**GOAL OF THE EXERCISE**. Every entry should be reproduced word for word.
──────── STORED DATA
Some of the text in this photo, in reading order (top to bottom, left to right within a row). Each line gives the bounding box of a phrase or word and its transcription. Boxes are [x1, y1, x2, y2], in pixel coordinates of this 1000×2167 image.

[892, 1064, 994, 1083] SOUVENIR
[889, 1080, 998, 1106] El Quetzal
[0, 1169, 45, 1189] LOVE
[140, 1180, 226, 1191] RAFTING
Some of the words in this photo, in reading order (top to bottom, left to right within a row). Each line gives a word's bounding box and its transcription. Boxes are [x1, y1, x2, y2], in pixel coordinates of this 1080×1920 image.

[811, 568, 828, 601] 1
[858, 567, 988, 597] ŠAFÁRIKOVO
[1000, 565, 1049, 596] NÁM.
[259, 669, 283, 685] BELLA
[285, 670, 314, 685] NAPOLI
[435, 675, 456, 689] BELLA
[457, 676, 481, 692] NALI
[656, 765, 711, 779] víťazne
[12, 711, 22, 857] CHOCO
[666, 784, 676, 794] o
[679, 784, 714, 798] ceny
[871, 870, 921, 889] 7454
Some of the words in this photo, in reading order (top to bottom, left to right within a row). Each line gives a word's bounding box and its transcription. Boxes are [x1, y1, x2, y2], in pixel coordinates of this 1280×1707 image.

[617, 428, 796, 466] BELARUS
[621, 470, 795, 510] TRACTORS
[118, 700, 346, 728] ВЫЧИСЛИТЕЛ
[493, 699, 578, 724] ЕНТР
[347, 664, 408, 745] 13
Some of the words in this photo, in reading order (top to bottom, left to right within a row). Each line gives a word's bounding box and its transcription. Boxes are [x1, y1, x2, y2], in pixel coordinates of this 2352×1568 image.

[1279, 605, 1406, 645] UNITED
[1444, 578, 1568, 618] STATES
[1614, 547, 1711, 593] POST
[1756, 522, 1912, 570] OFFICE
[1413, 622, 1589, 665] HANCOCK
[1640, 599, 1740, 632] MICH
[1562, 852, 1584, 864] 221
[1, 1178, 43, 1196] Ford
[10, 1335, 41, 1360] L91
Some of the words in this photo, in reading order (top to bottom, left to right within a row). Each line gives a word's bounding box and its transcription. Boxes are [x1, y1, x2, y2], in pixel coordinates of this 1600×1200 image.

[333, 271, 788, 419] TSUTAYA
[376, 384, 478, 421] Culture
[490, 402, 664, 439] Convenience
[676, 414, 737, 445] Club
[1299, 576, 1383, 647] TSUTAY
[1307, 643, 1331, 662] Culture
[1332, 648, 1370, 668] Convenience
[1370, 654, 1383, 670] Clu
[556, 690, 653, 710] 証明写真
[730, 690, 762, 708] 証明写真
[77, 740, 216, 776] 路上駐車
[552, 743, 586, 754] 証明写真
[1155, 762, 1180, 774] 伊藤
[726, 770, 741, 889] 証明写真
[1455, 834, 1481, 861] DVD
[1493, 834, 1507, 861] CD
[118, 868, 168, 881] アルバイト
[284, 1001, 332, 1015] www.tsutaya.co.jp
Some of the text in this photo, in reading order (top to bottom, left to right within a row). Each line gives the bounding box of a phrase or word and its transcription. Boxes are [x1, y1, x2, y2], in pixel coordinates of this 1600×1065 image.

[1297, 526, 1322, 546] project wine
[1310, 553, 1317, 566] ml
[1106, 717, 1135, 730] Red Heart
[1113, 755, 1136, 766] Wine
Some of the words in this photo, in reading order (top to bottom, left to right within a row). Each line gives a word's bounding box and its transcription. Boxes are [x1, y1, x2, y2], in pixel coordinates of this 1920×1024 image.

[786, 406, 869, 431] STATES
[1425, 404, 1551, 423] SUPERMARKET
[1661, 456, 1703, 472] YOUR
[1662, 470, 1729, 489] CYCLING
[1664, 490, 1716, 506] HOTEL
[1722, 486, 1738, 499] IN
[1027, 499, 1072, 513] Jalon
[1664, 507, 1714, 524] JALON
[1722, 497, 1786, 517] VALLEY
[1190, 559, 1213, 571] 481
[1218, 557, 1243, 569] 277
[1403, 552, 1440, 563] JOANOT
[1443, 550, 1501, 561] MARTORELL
────────────────
**SOLUTION TO THIS PROBLEM**.
Some of the text in this photo, in reading order (top to bottom, left to right within a row). Each line gives the bounding box of a phrase or word and its transcription. Boxes are [x1, y1, x2, y2], in pixel coordinates of this 1000×2167 image.

[892, 1064, 994, 1083] SOUVENIR
[889, 1080, 998, 1106] El Quetzal
[0, 1169, 45, 1189] LOVE
[140, 1180, 226, 1191] RAFTING
Some of the words in this photo, in reading order (top to bottom, left to right within a row). Each line gives a word's bounding box and its transcription. Boxes are [x1, y1, x2, y2], in pixel coordinates of this 1080×1920 image.

[811, 568, 828, 601] 1
[858, 567, 988, 597] ŠAFÁRIKOVO
[1000, 565, 1049, 596] NÁM.
[259, 669, 283, 685] BELLA
[285, 670, 314, 685] NAPOLI
[435, 675, 456, 689] BELLA
[457, 676, 481, 692] NALI
[656, 765, 711, 779] víťazne
[12, 711, 22, 857] CHOCO
[666, 784, 676, 794] o
[679, 784, 714, 798] ceny
[871, 870, 921, 889] 7454
Some of the words in this photo, in reading order (top to bottom, left to right within a row). Each line gives a word's bounding box and its transcription. Boxes are [x1, y1, x2, y2], in pixel coordinates of this 1280×1707 image.

[617, 428, 796, 466] BELARUS
[621, 470, 795, 510] TRACTORS
[118, 700, 346, 728] ВЫЧИСЛИТЕЛ
[493, 699, 578, 724] ЕНТР
[347, 664, 408, 745] 13
Some of the words in this photo, in reading order (top to bottom, left to right within a row). Each line gives a word's bounding box and its transcription. Boxes are [x1, y1, x2, y2], in pixel coordinates of this 2352×1568 image.

[1279, 605, 1406, 645] UNITED
[1444, 578, 1568, 618] STATES
[1614, 547, 1711, 593] POST
[1756, 522, 1912, 570] OFFICE
[1413, 622, 1589, 665] HANCOCK
[1640, 599, 1740, 632] MICH
[1562, 852, 1584, 864] 221
[1, 1178, 43, 1196] Ford
[10, 1335, 41, 1360] L91
Some of the words in this photo, in reading order (top to bottom, left to right within a row). Each line gives a word's bounding box and its transcription. Boxes are [x1, y1, x2, y2], in pixel coordinates of this 1600×1200 image.

[333, 271, 788, 419] TSUTAYA
[376, 384, 478, 421] Culture
[490, 402, 664, 439] Convenience
[676, 414, 737, 445] Club
[1299, 576, 1383, 647] TSUTAY
[1307, 643, 1331, 662] Culture
[1332, 648, 1370, 668] Convenience
[1370, 654, 1383, 670] Clu
[556, 690, 653, 710] 証明写真
[730, 690, 762, 708] 証明写真
[77, 740, 216, 776] 路上駐車
[552, 743, 586, 754] 証明写真
[1155, 762, 1180, 774] 伊藤
[726, 770, 741, 889] 証明写真
[1455, 834, 1481, 861] DVD
[1493, 834, 1507, 861] CD
[118, 868, 168, 881] アルバイト
[284, 1001, 332, 1015] www.tsutaya.co.jp
Some of the text in this photo, in reading order (top to bottom, left to right within a row). Each line gives the bounding box of a phrase or word and its transcription. Boxes are [x1, y1, x2, y2], in pixel coordinates of this 1600×1065 image.

[1297, 526, 1322, 546] project wine
[1310, 553, 1317, 566] ml
[1106, 717, 1135, 730] Red Heart
[1113, 755, 1136, 766] Wine
Some of the words in this photo, in reading order (top to bottom, left to right within a row). Each line gives a word's bounding box and its transcription. Boxes are [x1, y1, x2, y2], in pixel coordinates of this 1920×1024 image.

[786, 406, 869, 431] STATES
[1425, 404, 1551, 423] SUPERMARKET
[1661, 456, 1703, 472] YOUR
[1662, 470, 1729, 489] CYCLING
[1664, 490, 1716, 506] HOTEL
[1722, 486, 1738, 499] IN
[1027, 499, 1072, 513] Jalon
[1664, 507, 1714, 524] JALON
[1722, 497, 1786, 517] VALLEY
[1190, 559, 1213, 571] 481
[1218, 557, 1243, 569] 277
[1403, 552, 1440, 563] JOANOT
[1443, 550, 1501, 561] MARTORELL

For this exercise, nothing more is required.